Craig Campbell singles chronology
| "Outta My Head" (2012) | "Keep Them Kisses Comin'" (2013) | "Tomorrow Tonight" (2015) |

= Keep Them Kisses Comin' =

"Keep Them Kisses Comin'" is a song recorded by American country music artist Craig Campbell. It was released in December 2013 as the second single from his second studio album, Never Regret. The song was written by Dallas Davidson and Ben Hayslip.

==Music video==
The music video was directed by Shea Windley and premiered in May 2014.

==Chart performance==
"Keep Them Kisses Comin'" debuted at number 54 on the U.S. Billboard Country Airplay chart for the week of December 28, 2013, and at number 40 on the U.S. Billboard Hot Country Songs chart for the week of March 8, 2014. It also debuted at number 99 on the U.S. Billboard Hot 100 chart for the week of May 17, 2014. It became Campbell's highest charting single in April 2014, becoming his only Top Ten hit. As of July 2014, the song has sold 244,000 copies in the U.S.

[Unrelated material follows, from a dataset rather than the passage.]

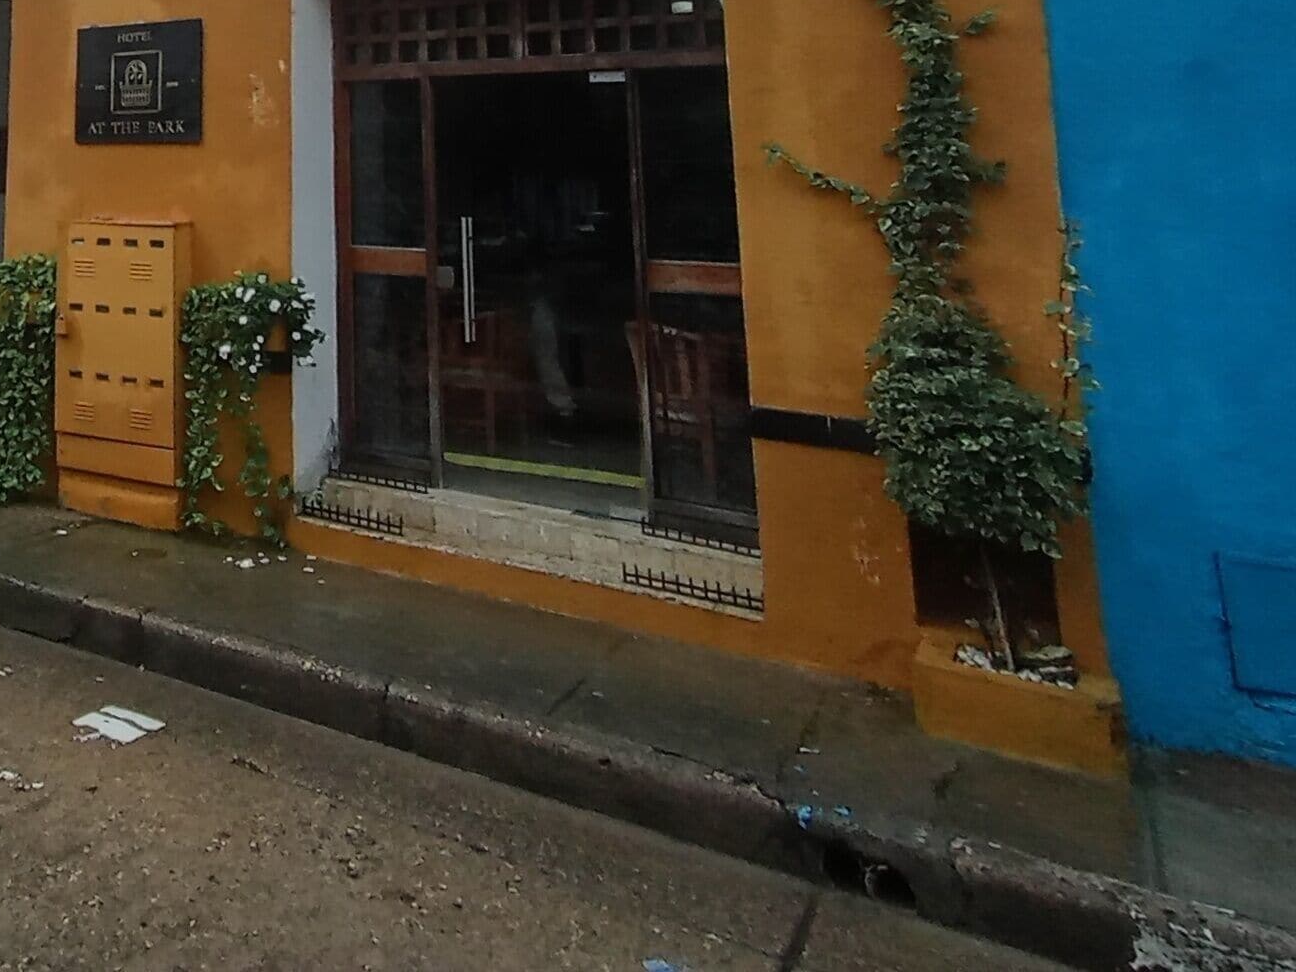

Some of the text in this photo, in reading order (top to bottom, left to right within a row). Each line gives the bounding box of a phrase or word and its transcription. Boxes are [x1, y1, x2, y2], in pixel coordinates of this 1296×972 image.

| Chart (2013–2014) | Peak position |
|---|---|
| Canada Country (Billboard) | 29 |
| US Billboard Hot 100 | 72 |
| US Country Airplay (Billboard) | 9 |
| US Hot Country Songs (Billboard) | 15 |

===Year-end charts===

| Chart (2014) | Position |
|---|---|
| US Country Airplay (Billboard) | 50 |
| US Hot Country Songs (Billboard) | 52 |

==Certifications==

| Region | Certification | Certified units/sales |
| United States (RIAA) | Gold | 500,000^{‡} |
^{‡} Sales+streaming figures based on certification alone.